From the ITAR-TASS vs Kuirier http://caselaw.lp.findlaw.com/scripts/getcase.pl?court=2nd&navby=case&no=977498 : Preliminarily, the Court ruled that the request for a preliminary injunction concerned articles published after March 13, 1995, the date that Russia acceded to the Berne Convention. See id. at 1125. The Court then ruled that the copied works were "Berne Convention work[s]," 17 U.S.C. § 101, and that the plaintiffs' rights were to be determined according to Russian copyright law. See Itar-Tass I , 886 F. Supp. at 1125-26. - at least in this case the cut out date was set to March 13, 1995
From the text it seems it's a matter of interpretation, or actually of Russia falling in a gap between international copyright law and the Bern Convention. I believe we should be assuming the PD interpretation then, even if it may be infavourable for Russian authors (as the text above complains). Shall we change the date to 13 March 1995 then ? --Lysytalk 09:15, 24 August 2006 (UTC)[reply]
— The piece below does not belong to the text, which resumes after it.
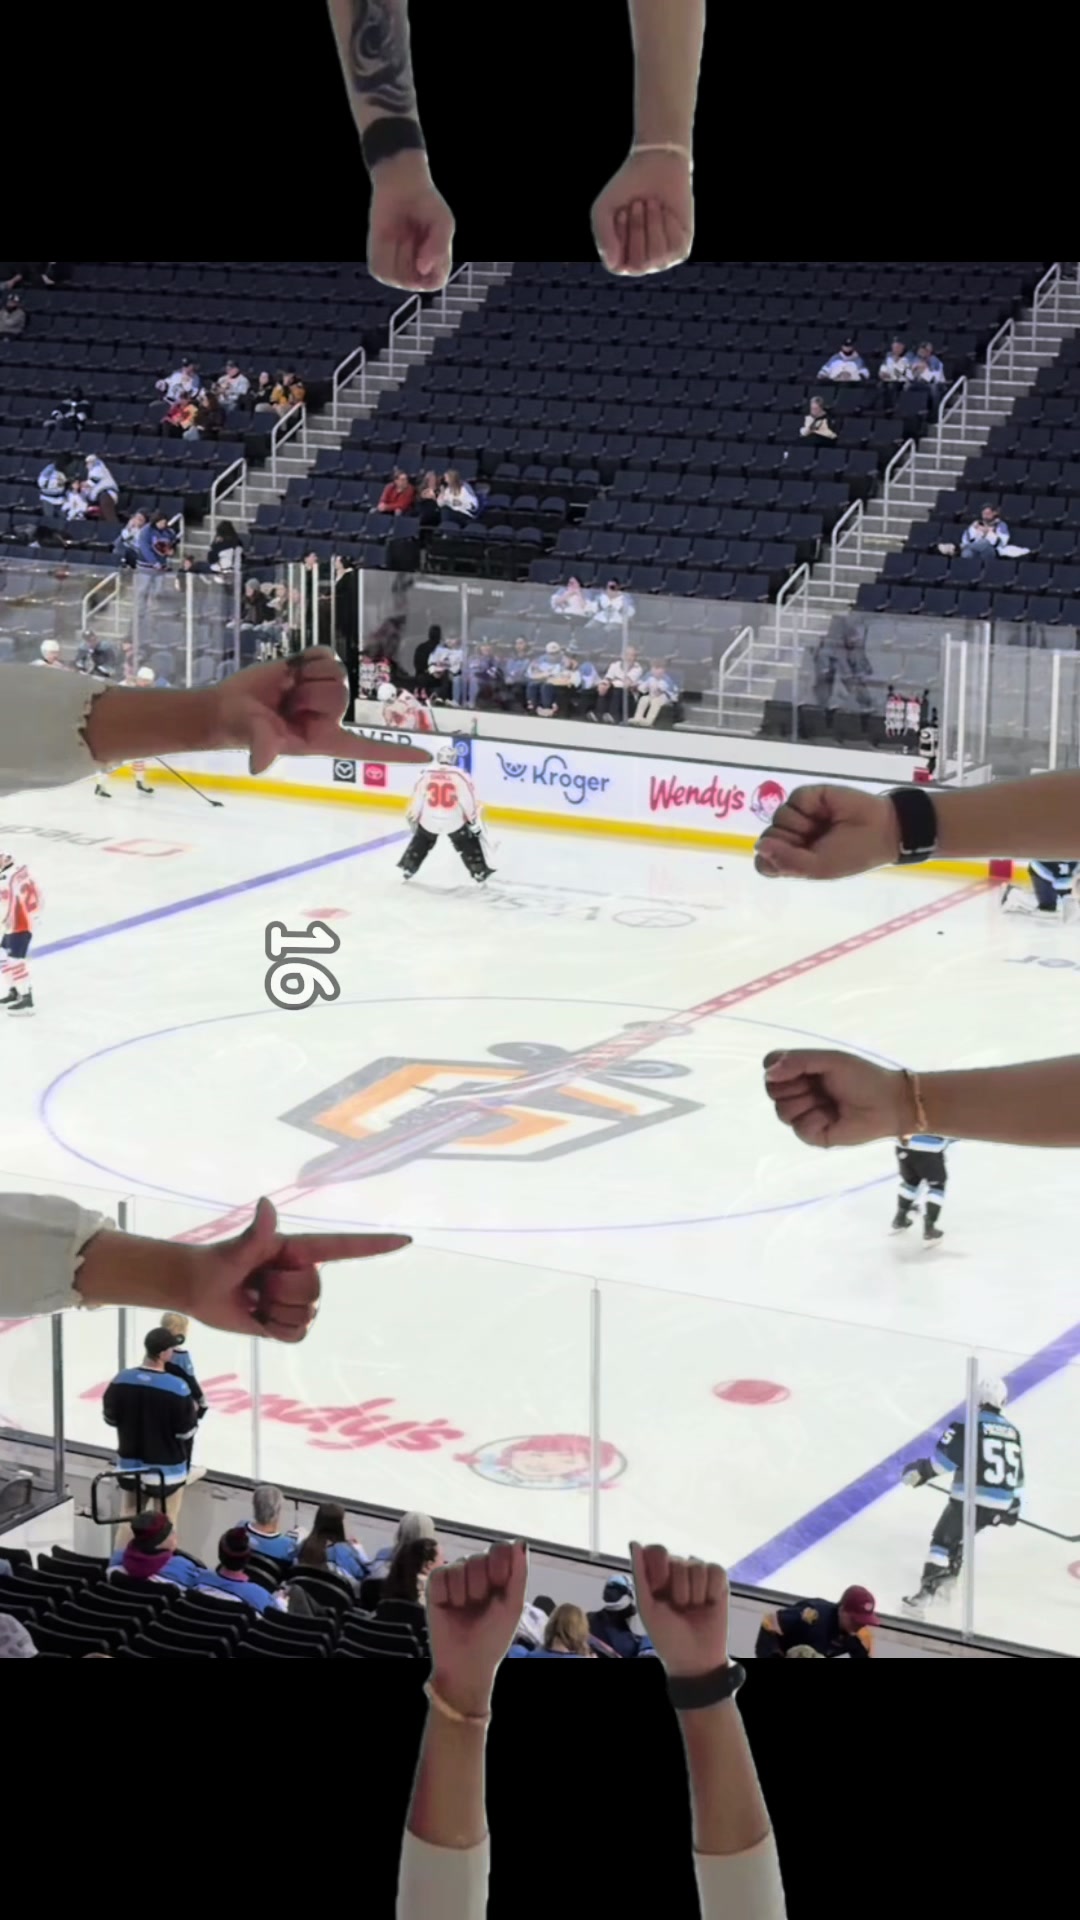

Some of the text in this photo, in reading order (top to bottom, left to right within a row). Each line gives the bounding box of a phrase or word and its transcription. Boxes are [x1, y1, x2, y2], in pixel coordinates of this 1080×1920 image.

[532, 755, 611, 804] Kroger
[649, 776, 745, 818] Wendy's
[983, 1438, 1021, 1486] 55
  • I am affraid 1995 it is to strong an interpretation. It looks odd that after signing the Bern declaration in addition to the Geneva one, the works published between 1973 and 1995 suddenly became unprotected. Lets better copyright specialist than us approve it if it is the case. abakharev 11:25, 24 August 2006 (UTC)[reply]
    Indeed. 1995 would be totally ludicrous. See below. Lupo 21:33, 24 August 2006 (UTC)[reply]

Podshibikhin/Leontiev source does not back the template[edit]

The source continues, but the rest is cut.